(Stored items)
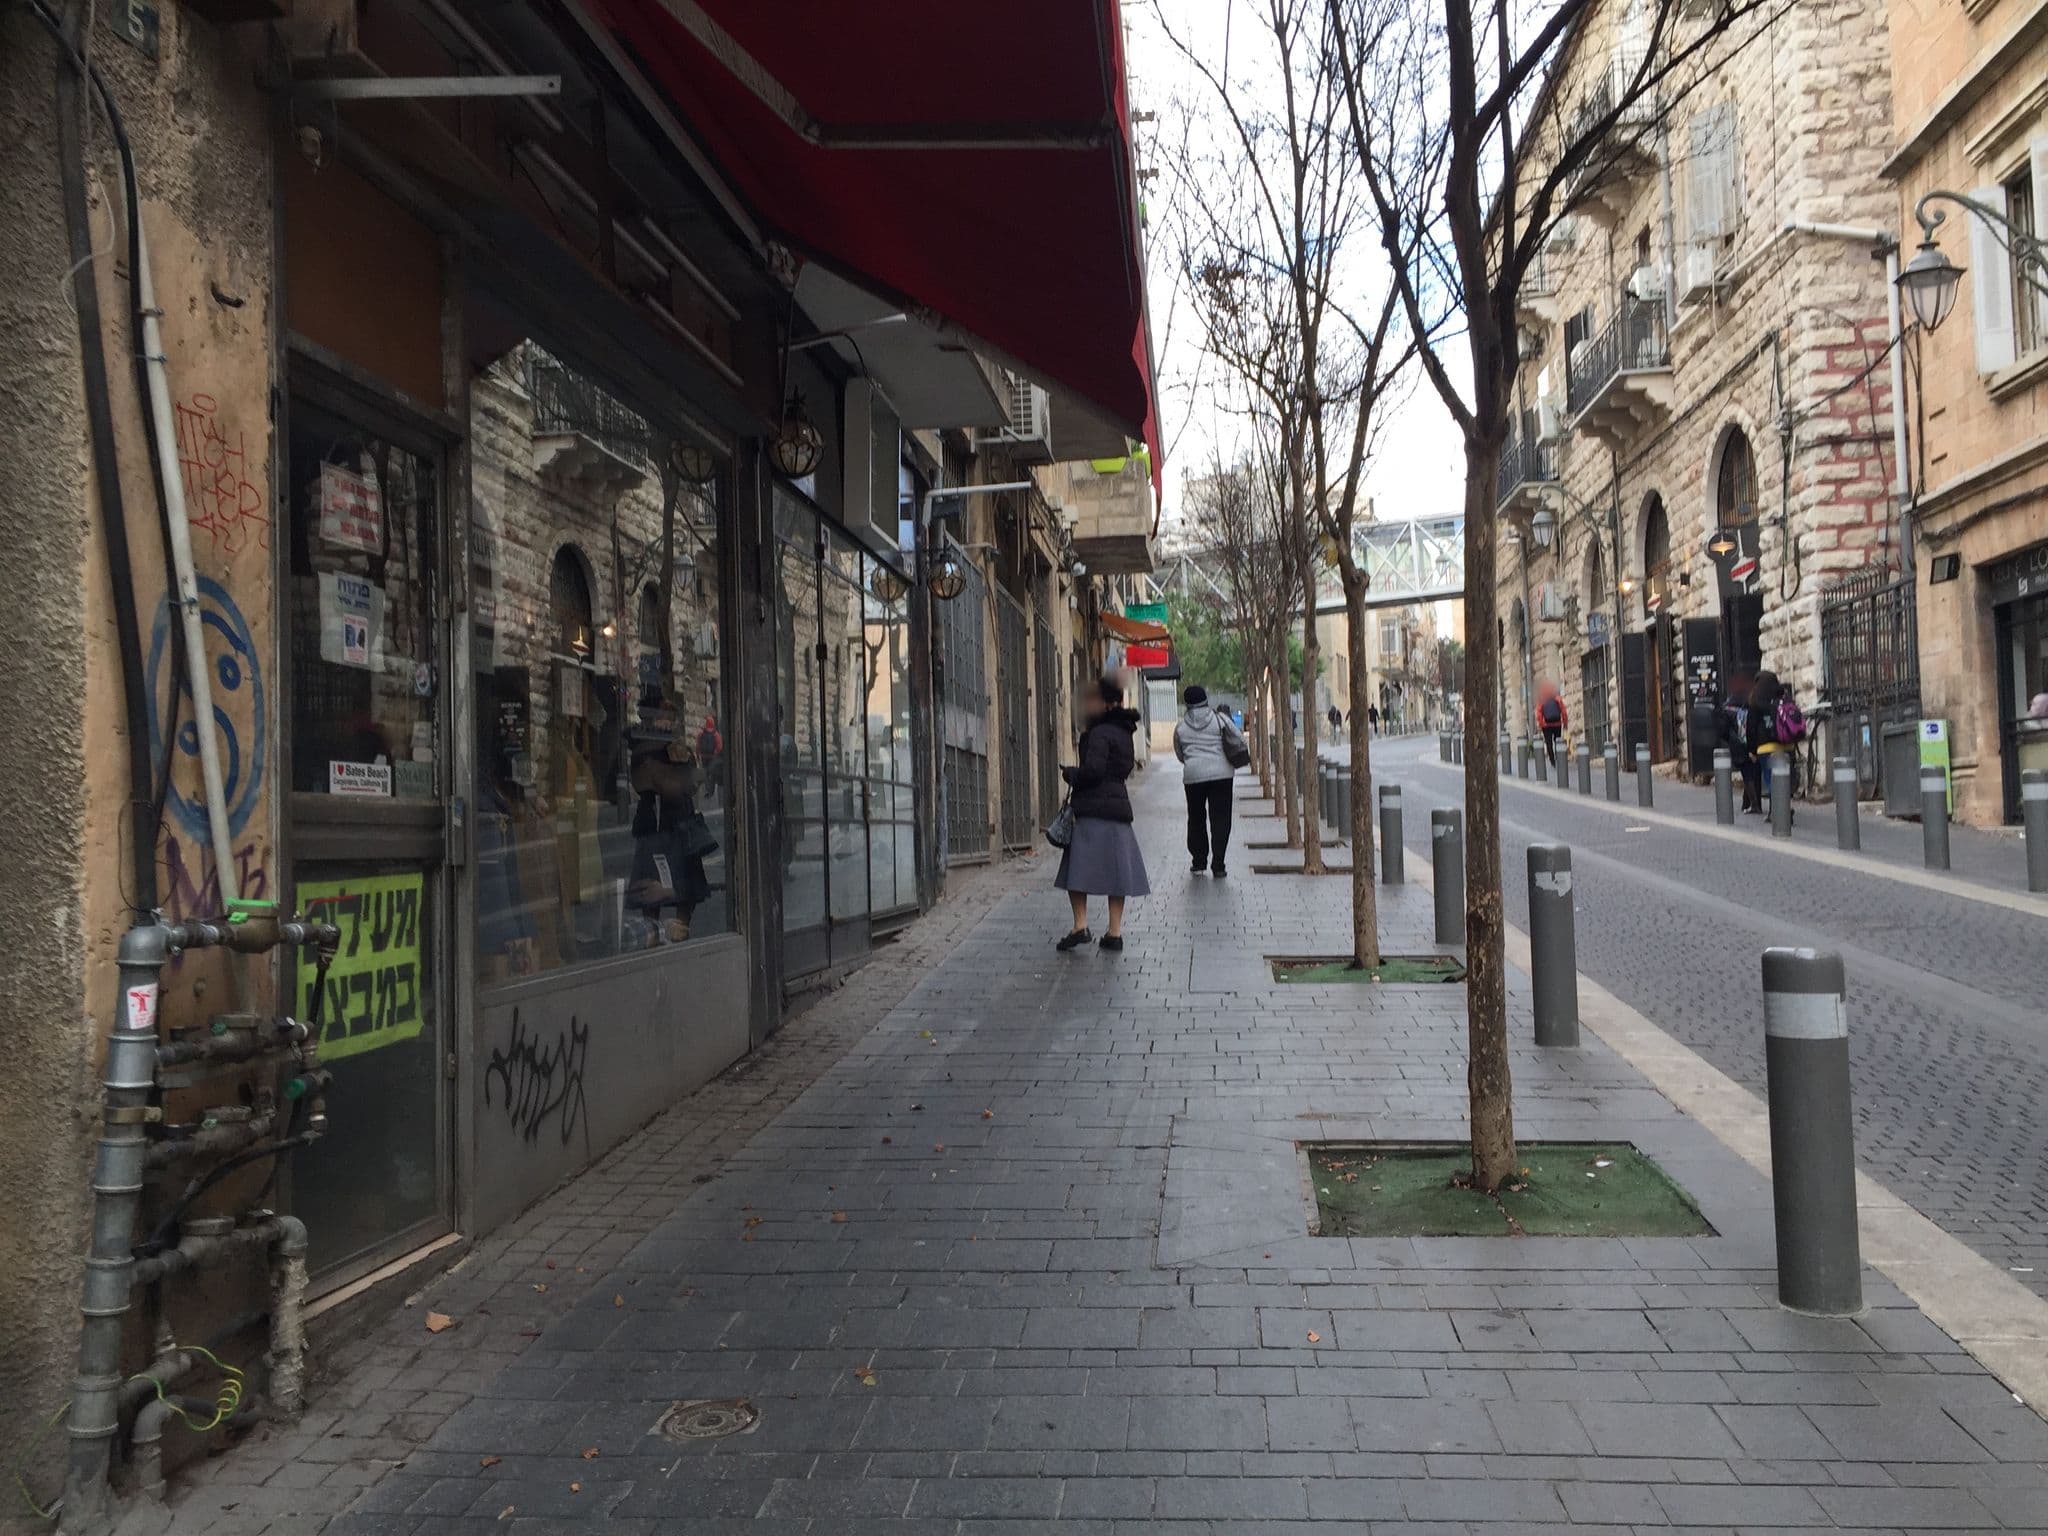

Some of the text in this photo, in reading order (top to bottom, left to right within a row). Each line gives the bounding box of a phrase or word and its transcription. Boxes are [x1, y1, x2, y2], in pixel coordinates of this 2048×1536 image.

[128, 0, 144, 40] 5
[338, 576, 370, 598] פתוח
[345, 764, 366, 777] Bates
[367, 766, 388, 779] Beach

INSTRUCTIONS FOR THE TASK:
Return a verbatim transcription of the data, omitting all images.

FINISHED TASK:
Some of the text in this photo, in reading order (top to bottom, left to right within a row). Each line gives the bounding box of a phrase or word and its transcription. Boxes are [x1, y1, x2, y2], in pixel coordinates of this 2048×1536 image.

[128, 0, 144, 40] 5
[338, 576, 370, 598] פתוח
[345, 764, 366, 777] Bates
[367, 766, 388, 779] Beach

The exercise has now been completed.